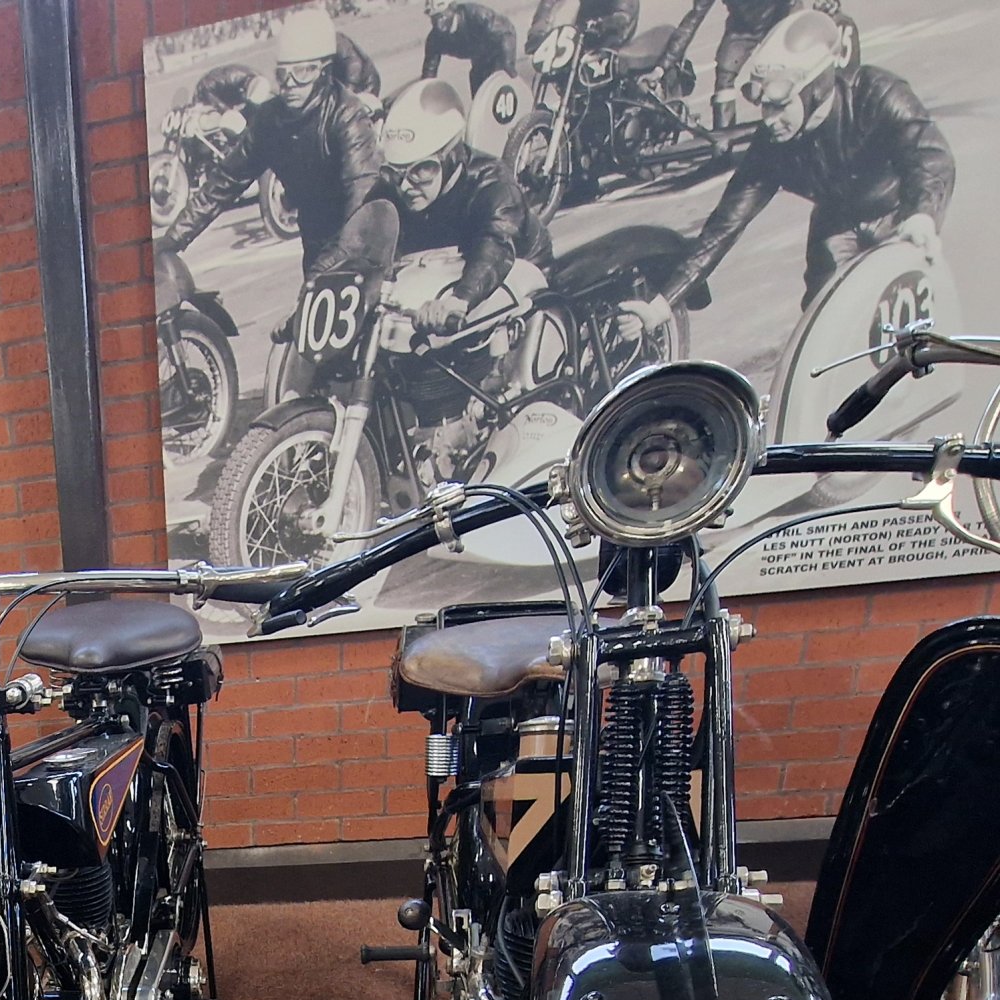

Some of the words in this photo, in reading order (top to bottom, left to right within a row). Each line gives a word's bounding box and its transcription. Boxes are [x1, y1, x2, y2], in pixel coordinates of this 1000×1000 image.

[533, 26, 577, 73] 45
[496, 92, 514, 118] 40
[298, 285, 360, 353] 103
[763, 541, 785, 552] LES
[790, 538, 825, 550] NUTT
[828, 531, 892, 547] (NORTON)
[896, 526, 940, 540] READY
[807, 523, 848, 536] SMITH
[851, 519, 878, 531] AND
[800, 552, 812, 561] IN
[818, 549, 843, 559] THE
[847, 545, 884, 556] FINAL
[889, 543, 905, 552] OF
[911, 539, 935, 549] THE
[759, 563, 818, 577] SCRATCH
[821, 559, 864, 571] EVENT
[868, 557, 883, 566] AT
[888, 550, 948, 564] BROUGH,
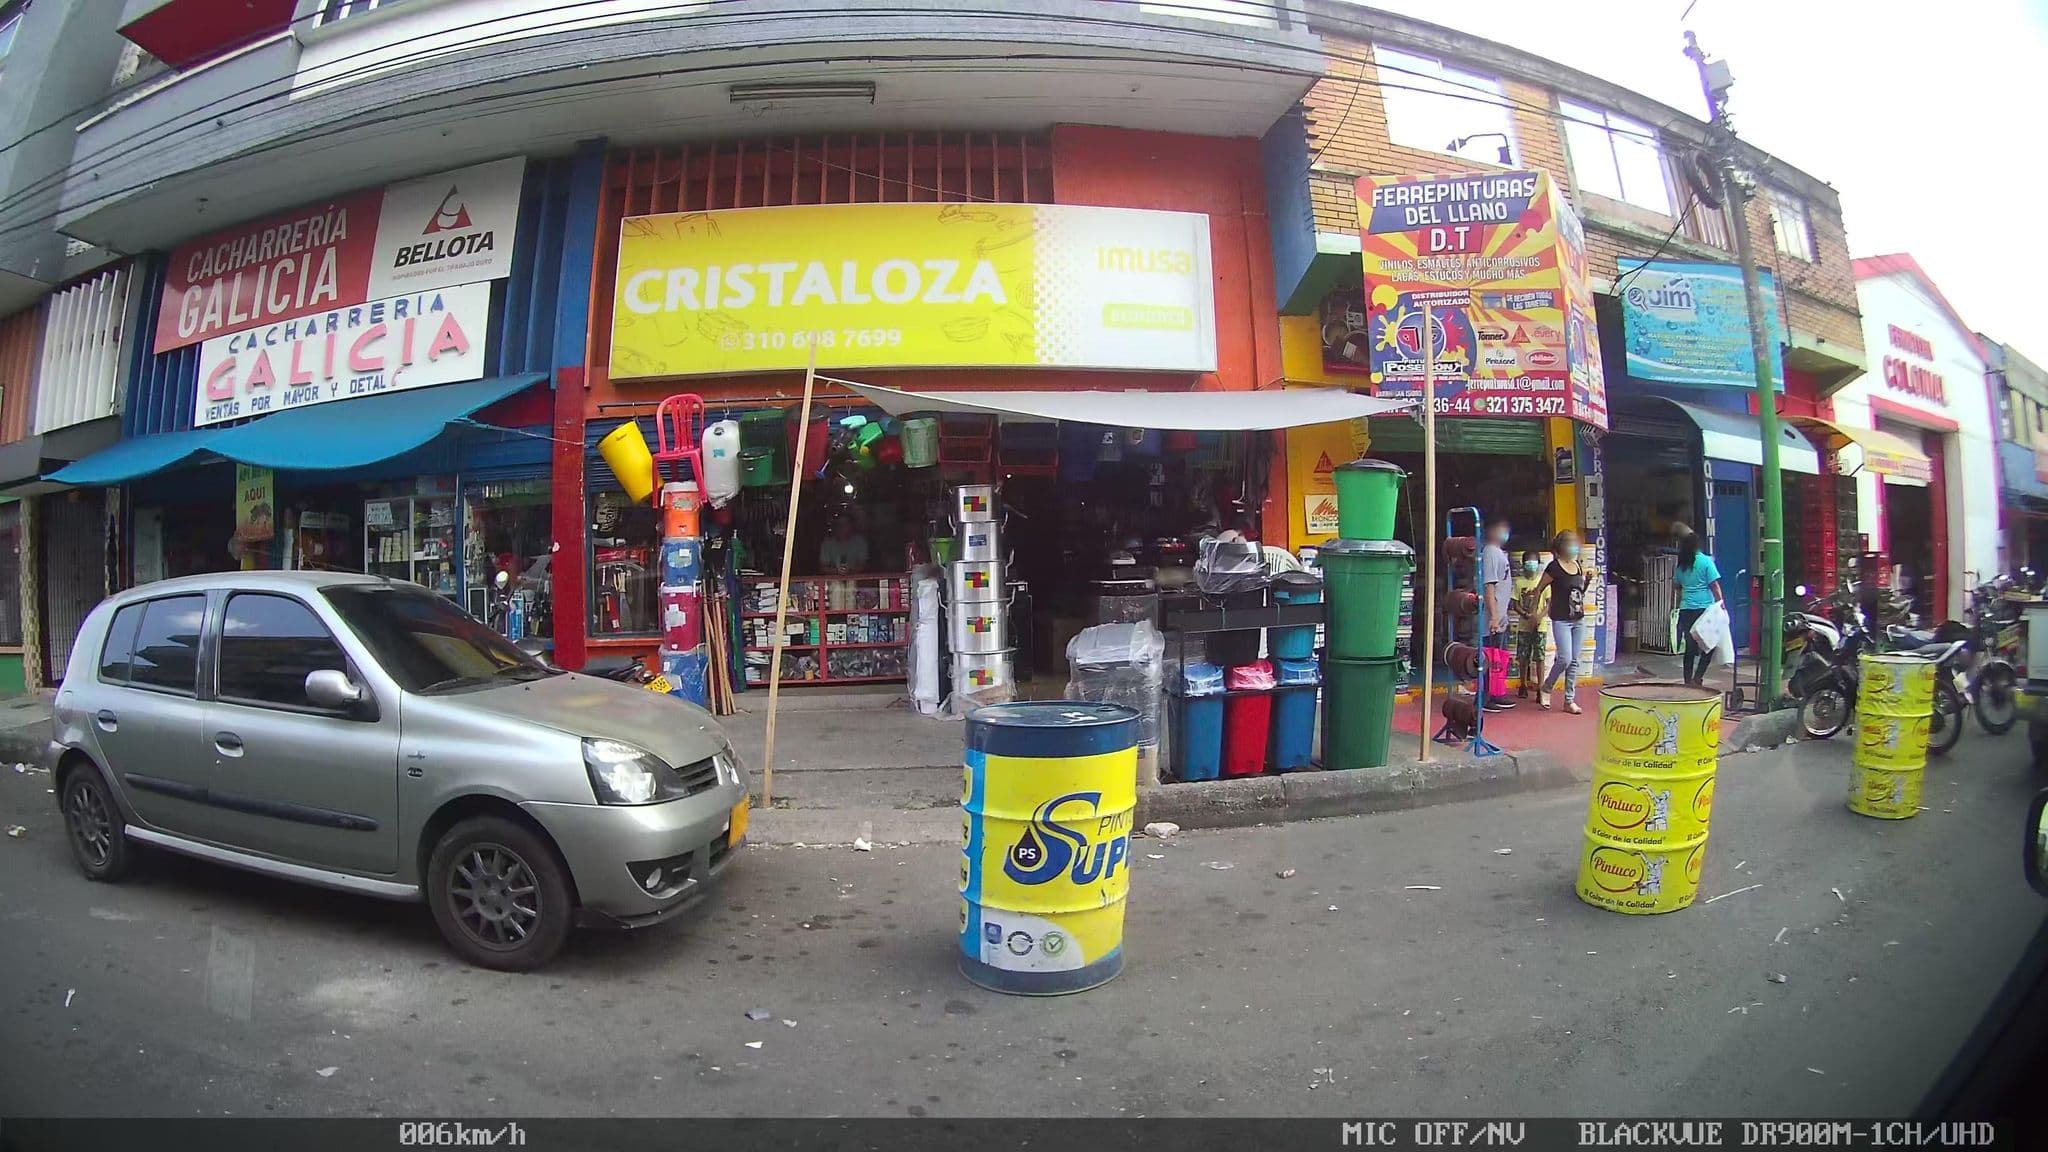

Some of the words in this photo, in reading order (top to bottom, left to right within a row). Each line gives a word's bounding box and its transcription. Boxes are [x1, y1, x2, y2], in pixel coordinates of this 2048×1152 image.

[1372, 178, 1536, 208] FERREPINTURAS
[1405, 206, 1442, 226] DEL
[1448, 202, 1508, 223] LLANO
[186, 204, 349, 283] CACHARRERÍA
[393, 231, 494, 268] BELLOTA
[1430, 226, 1471, 252] D.T
[1096, 246, 1193, 277] imusa
[1472, 269, 1505, 281] MUCHO
[178, 246, 339, 339] GALICIA
[623, 259, 1009, 315] CRISTALOZA
[1411, 290, 1469, 300] DISTRIBUIDOR
[1413, 298, 1471, 308] AUTORIZADO
[228, 293, 445, 355] CACHARRERIA
[741, 331, 786, 351] 310
[842, 328, 902, 350] 7699
[205, 311, 471, 401] GALICIA
[204, 402, 240, 421] VENTAS
[251, 395, 271, 412] POR
[283, 386, 320, 406] MAYOR
[331, 382, 339, 397] Y
[349, 374, 387, 395] DETAL
[1486, 397, 1508, 413] 321
[1511, 397, 1533, 413] 375
[1535, 397, 1566, 414] 3472
[1609, 719, 1652, 737] Pintuco
[1643, 761, 1674, 769] Calidad
[1601, 793, 1643, 813] Pintuco
[1633, 837, 1663, 845] Calidad
[1018, 848, 1036, 859] PS
[1595, 857, 1636, 878] Pintuco

## WHAT IS REQUIRED
Apart from the images, the entries above must be returned without alteration.

## OUTPUT FOR THIS EXERCISE
Some of the words in this photo, in reading order (top to bottom, left to right within a row). Each line gives a word's bounding box and its transcription. Boxes are [x1, y1, x2, y2], in pixel coordinates of this 1000×1000 image.

[533, 26, 577, 73] 45
[496, 92, 514, 118] 40
[298, 285, 360, 353] 103
[763, 541, 785, 552] LES
[790, 538, 825, 550] NUTT
[828, 531, 892, 547] (NORTON)
[896, 526, 940, 540] READY
[807, 523, 848, 536] SMITH
[851, 519, 878, 531] AND
[800, 552, 812, 561] IN
[818, 549, 843, 559] THE
[847, 545, 884, 556] FINAL
[889, 543, 905, 552] OF
[911, 539, 935, 549] THE
[759, 563, 818, 577] SCRATCH
[821, 559, 864, 571] EVENT
[868, 557, 883, 566] AT
[888, 550, 948, 564] BROUGH,

Some of the words in this photo, in reading order (top to bottom, left to right within a row). Each line gives a word's bounding box and its transcription. Boxes are [x1, y1, x2, y2], in pixel coordinates of this 2048×1152 image.

[1372, 178, 1536, 208] FERREPINTURAS
[1405, 206, 1442, 226] DEL
[1448, 202, 1508, 223] LLANO
[186, 204, 349, 283] CACHARRERÍA
[393, 231, 494, 268] BELLOTA
[1430, 226, 1471, 252] D.T
[1096, 246, 1193, 277] imusa
[1472, 269, 1505, 281] MUCHO
[178, 246, 339, 339] GALICIA
[623, 259, 1009, 315] CRISTALOZA
[1411, 290, 1469, 300] DISTRIBUIDOR
[1413, 298, 1471, 308] AUTORIZADO
[228, 293, 445, 355] CACHARRERIA
[741, 331, 786, 351] 310
[842, 328, 902, 350] 7699
[205, 311, 471, 401] GALICIA
[204, 402, 240, 421] VENTAS
[251, 395, 271, 412] POR
[283, 386, 320, 406] MAYOR
[331, 382, 339, 397] Y
[349, 374, 387, 395] DETAL
[1486, 397, 1508, 413] 321
[1511, 397, 1533, 413] 375
[1535, 397, 1566, 414] 3472
[1609, 719, 1652, 737] Pintuco
[1643, 761, 1674, 769] Calidad
[1601, 793, 1643, 813] Pintuco
[1633, 837, 1663, 845] Calidad
[1018, 848, 1036, 859] PS
[1595, 857, 1636, 878] Pintuco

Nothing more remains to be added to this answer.